Google stopped serving paid-search text ads down the right rail of its search query results page in late February. A fourth paid-search ad now serves up at the last position at
the top of the page.
Following the shift, the CTR for the No. 1 position paid-search ad jumped 8.4% to 4.20%. The CTR for the No. 2 position ad jumped 7.7% to 1.24%. The No. 3 position fell
5.6% to 2.04%, and the No. 4 spot -- which did not exist previously -- jumped 18.2% to 0.81%, according to AccuraCast.
The data for AccuraCast's analysis came from a two-week period, analyzing
more than 500,000 individual searches for a range of industries.
Product listing ads are included in the research, but the agency has not looked into how the move influences product listing
ads (PLAs) specifically. Marketers will likely see that down the road a bit, explains Luke Rees, digital marketing lead at U.K.-based AccuraCast. The data also does not indicate an increase in
conversions from the uptick in clicks. That's great news for Google, but without the conversion it doesn't do much for sales at brands other than branding for future sales.
Overall, CTR
for all ad positions on the first page fell from 1.86% to 1.80% while impressions have remained equal -- around 500,000, according to AccuraCast's data. Outside of position 4, the total of CTRs rose.
What once fell into positions five through 10 rose from 2.22% to 2.46%.

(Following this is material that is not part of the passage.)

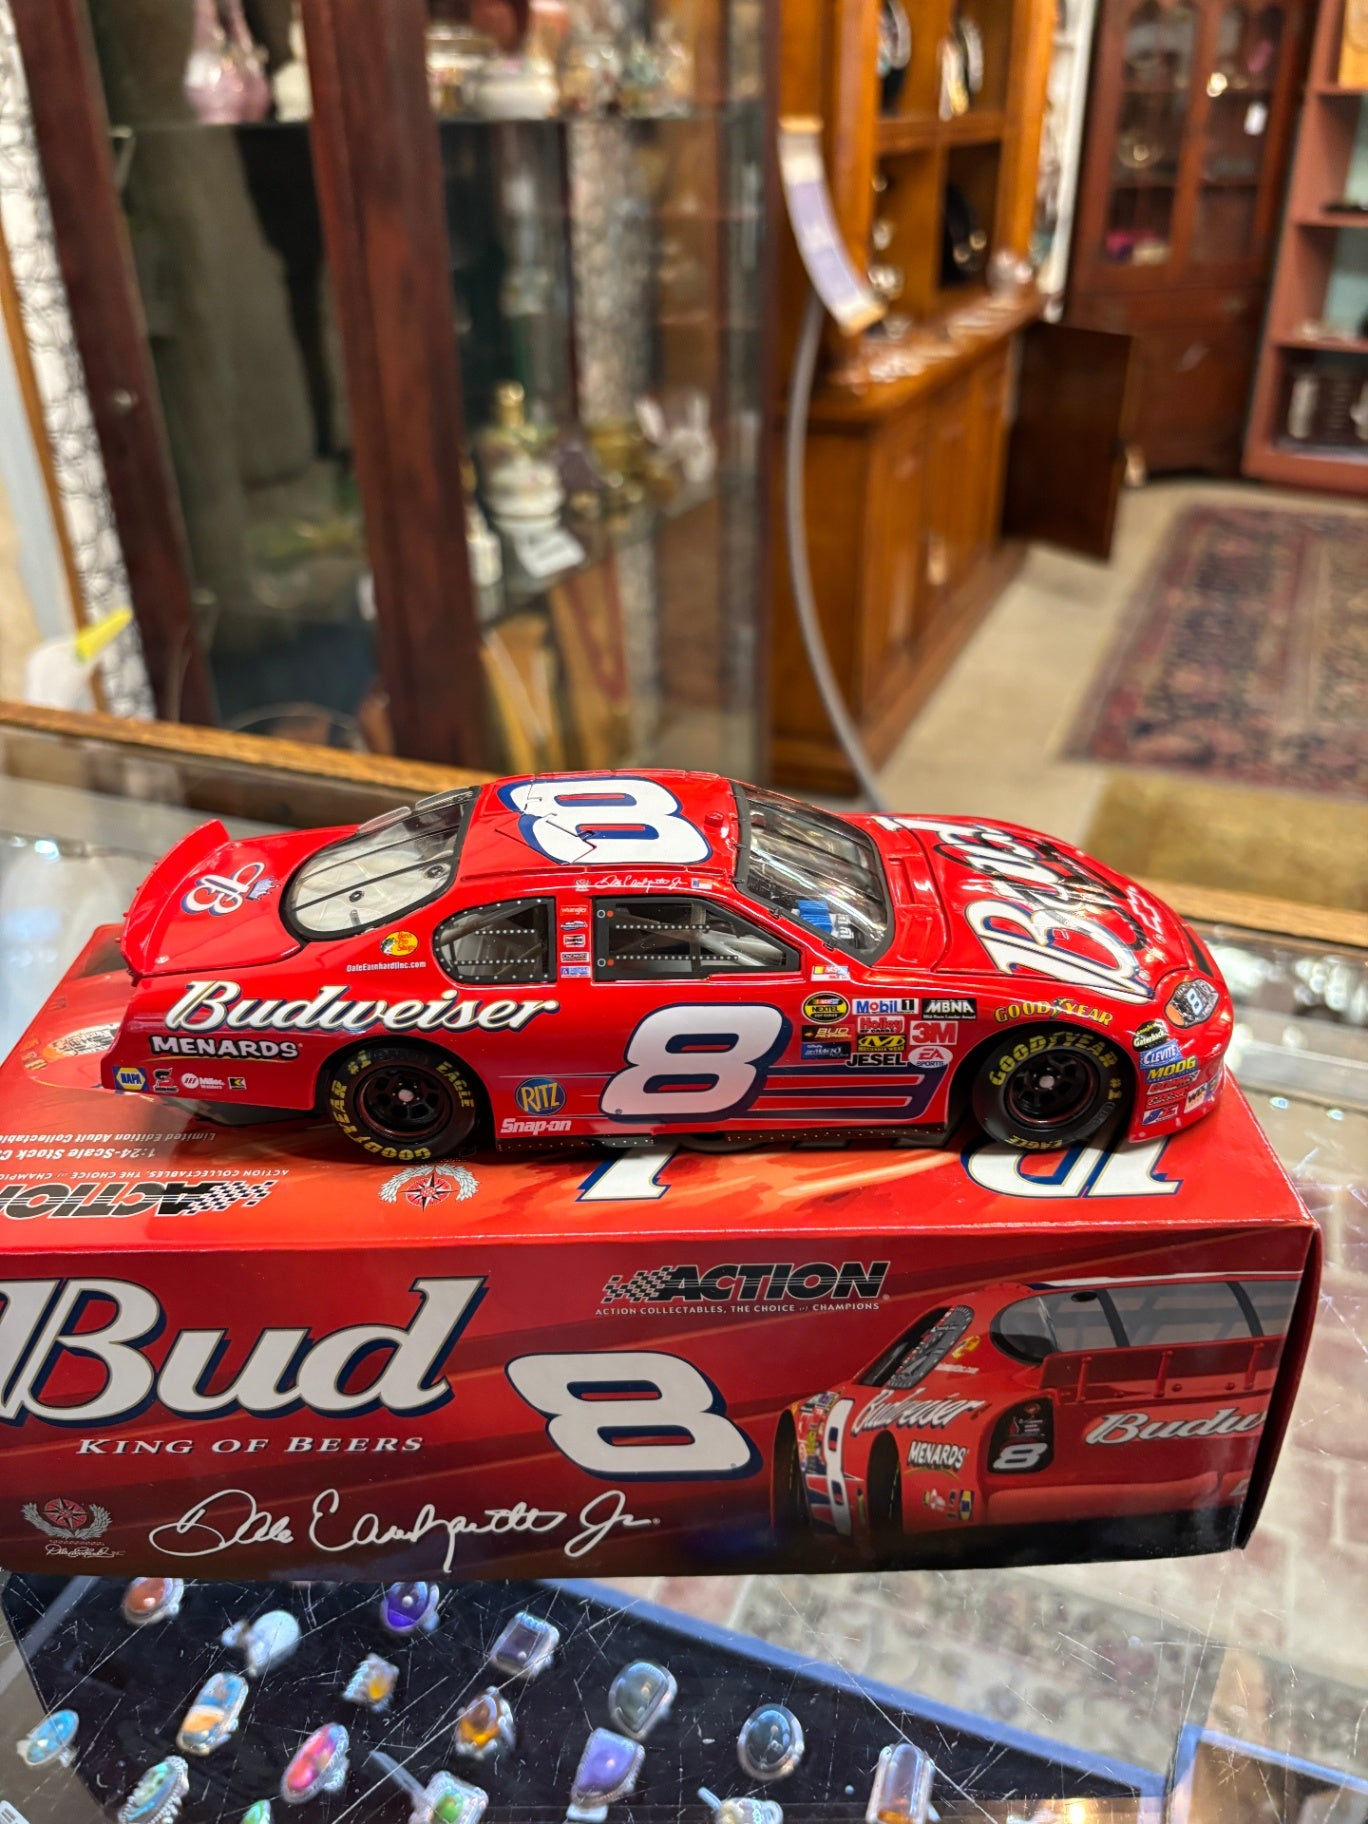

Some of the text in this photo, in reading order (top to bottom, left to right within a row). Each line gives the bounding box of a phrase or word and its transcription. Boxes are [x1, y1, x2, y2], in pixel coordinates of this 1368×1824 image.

Positions five and six fell compared with historic percentages, while the ad in position seven rose.
Rees says
the numbers are likely to fluctuate in the coming weeks as the agency sees broader samples of data and as people become more familiar with the new layout. Once the agency starts to get a bigger sample
of data, it plans to dig further into product listing ads, as well as differences on desktop and mobile.